Le cinéma de genre regorge de films sur la maternité, que ça soit sur la grossesse ou le quotidien plus ou moins effrayant d’être mère.
Force est de constater que ces dernières années, de nombreuses réalisatrices ont émergé dans le cinéma d’horreur. On remarque évidemment les plus célèbres comme Julia Ducournau, Coralie Fargeat, Jennifer Kent. Mais il ne faudrait pas oublier les Rose Glass, Charlotte Colbert, Corinna Faith ou encore Anita Rocha da Silveira. Ces femmes se réapproprient leurs histoires et proposent donc de nouvelles narrations.
Et c’est particulièrement pertinent quand il s’agit de la maternité comme le fait Michelle Garza Cervera, diplômée d’un MFA au Royaume Uni. Car on voit que des films comme Babadock ou Prevenge permettent de proposer une nouvelle manière de filmer et de traiter de la maternité.

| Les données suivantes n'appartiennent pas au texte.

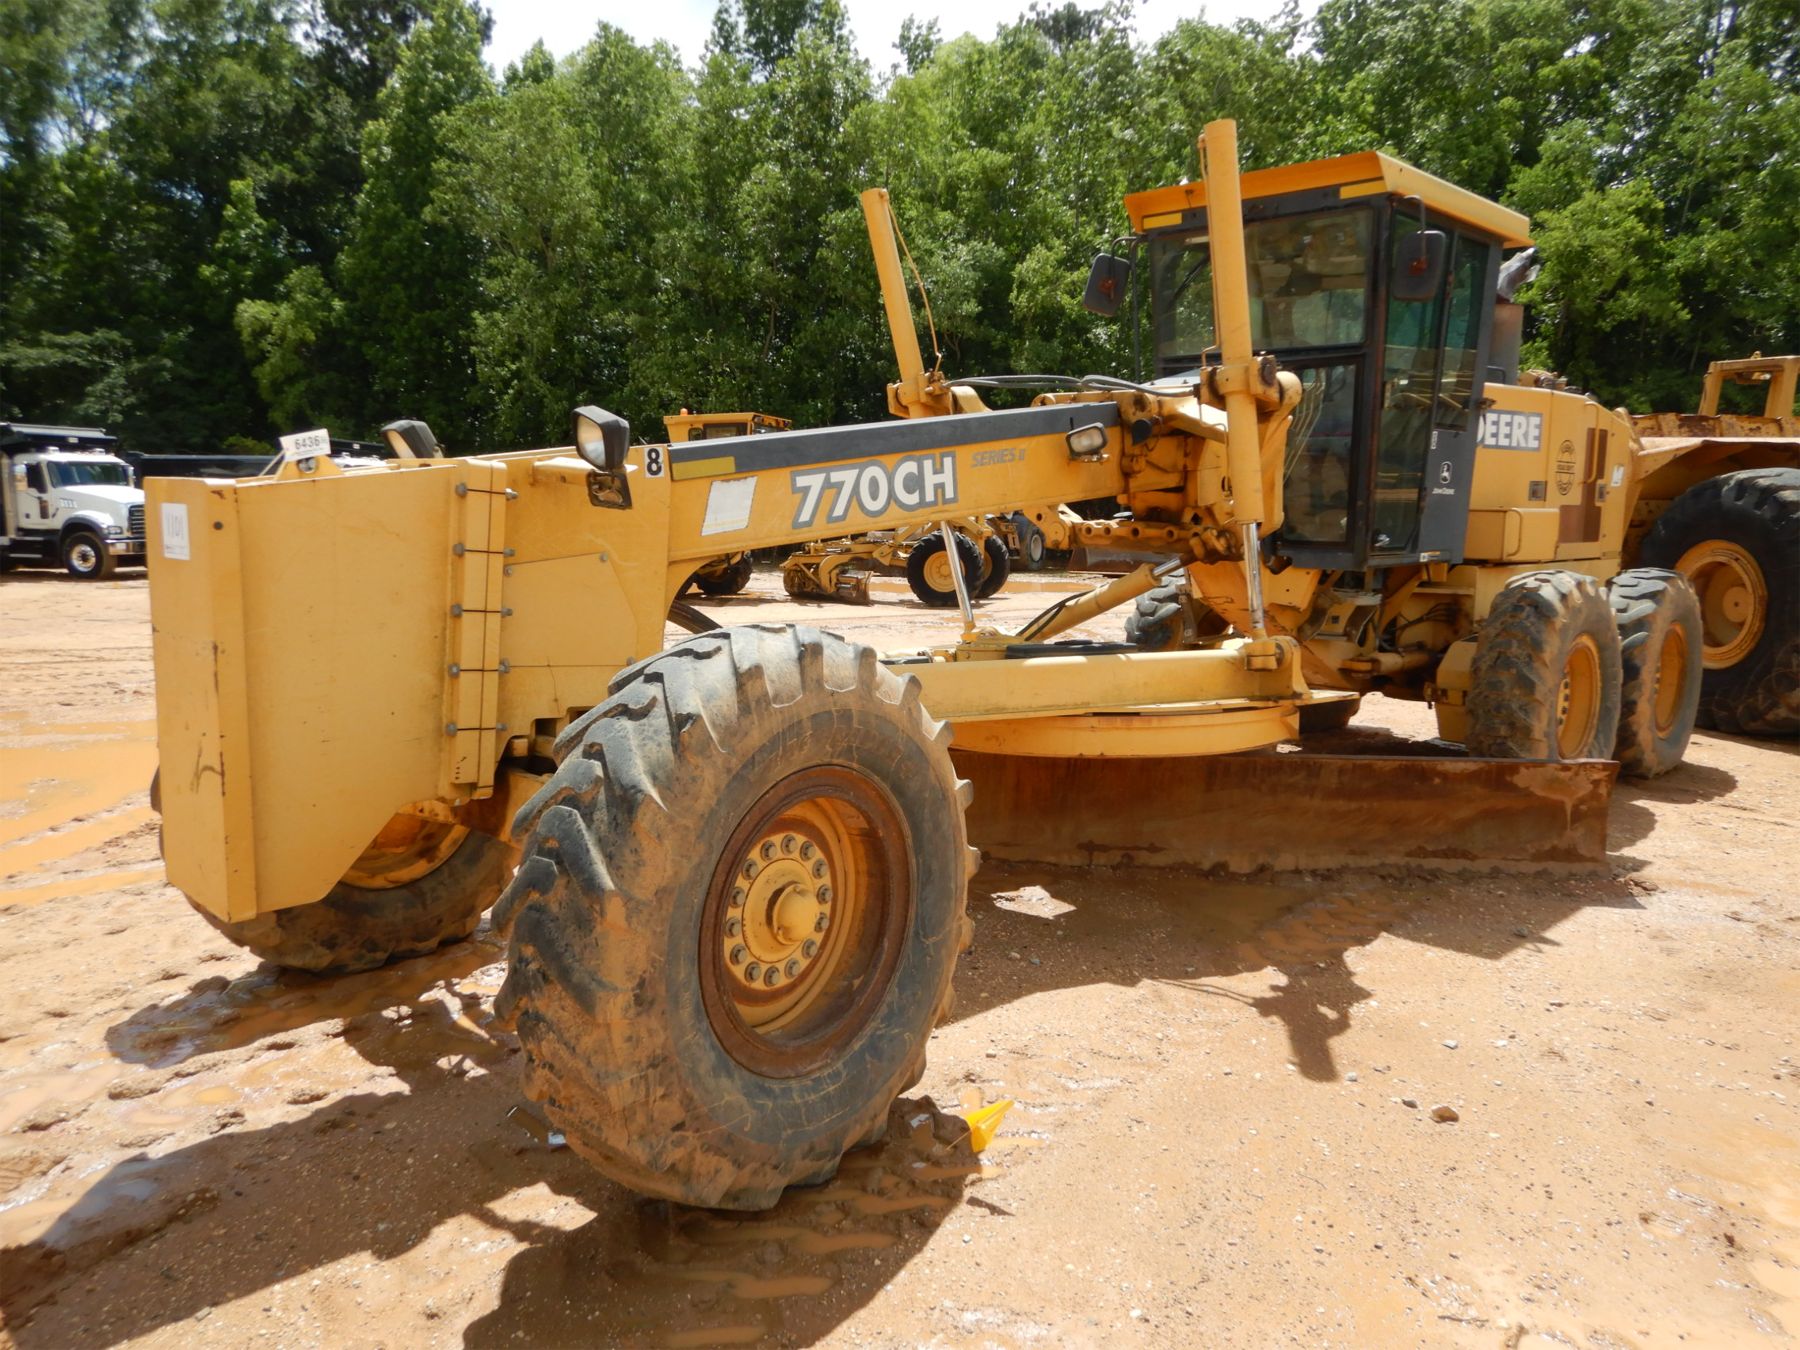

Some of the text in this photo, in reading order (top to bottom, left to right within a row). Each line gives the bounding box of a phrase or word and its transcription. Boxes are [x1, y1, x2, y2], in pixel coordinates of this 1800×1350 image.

Huesera ou la dépression post partum

Dans Huesera (=osssaire), la réalisatrice s’attache à matérialiser les angoisses d’une naissance à venir.
L’arrivée d’un nouvel être humain, qui plus est, fabriqué par nous même, amènent à des questionnements sur nos propres origines et désirs de vie. C’est ce qui amène Valeria à se demander si finalement elle veut être mère, alors qu’elle a attendu ce moment depuis longtemps, avec son compagnon.
Dans Huesera, le sujet n’est pas le corps de la femme enceinte (souvent objet de fascination dans le cinéma d’horreur, notamment à travers le body horror).
La réalisatrice se concentre sur son personnage féminin. Pour cela elle l’étoffe: Valeria est bricoleuse, tient tête à son compagnon et est plutôt à l’opposé d’une fleur bleue, tout en dégageant beaucoup de douceur.
L’horreur c’est l’environnement (le voisinage inquiétant, la famille moqueuse et symbolisant la pression sur la maternité, le compagnon qui ne fait plus l’effort de comprendre Valeria une fois enceinte).

Mère ou femme libre il faut choisir

On comprend que l’angoisse vécue par Valeria prend source dans son changement de vie survenu quelques années plus tôt. Punk, amoureuse d’une femme, elle a finalement cédé aux injonctions de la société, pensant certainement trouver bonheur et stabilité. Huesera démontre donc que de refouler ses besoins amène au malheur.
Là où le film manque de subtilité et de nuances, c’est qu’il appuie une fois de plus sur le fait qu’il n’y a qu’un schéma de mère. Celui d’être aimante, douce, ne sortant pas, ne buvant pas, bref ne faisant pas d’excès ni de fantaisie. Comme si on ne pouvait pas aller à un concert de rock et boire de la bière tout en donnant un biberon le lendemain.
Or, des mères punks, avec des cheveux couleur flashy, buvant, fumant des joints à l’occasion, partant en vacances sans enfants…il y en a. Ce ne sont certainement pas les majoritaires, tant justement la société a du mal à concevoir ce schéma. Pourtant elles sont bien là (et d’autres aimeraient sans doute voir que l’on peut être une « autre » mère).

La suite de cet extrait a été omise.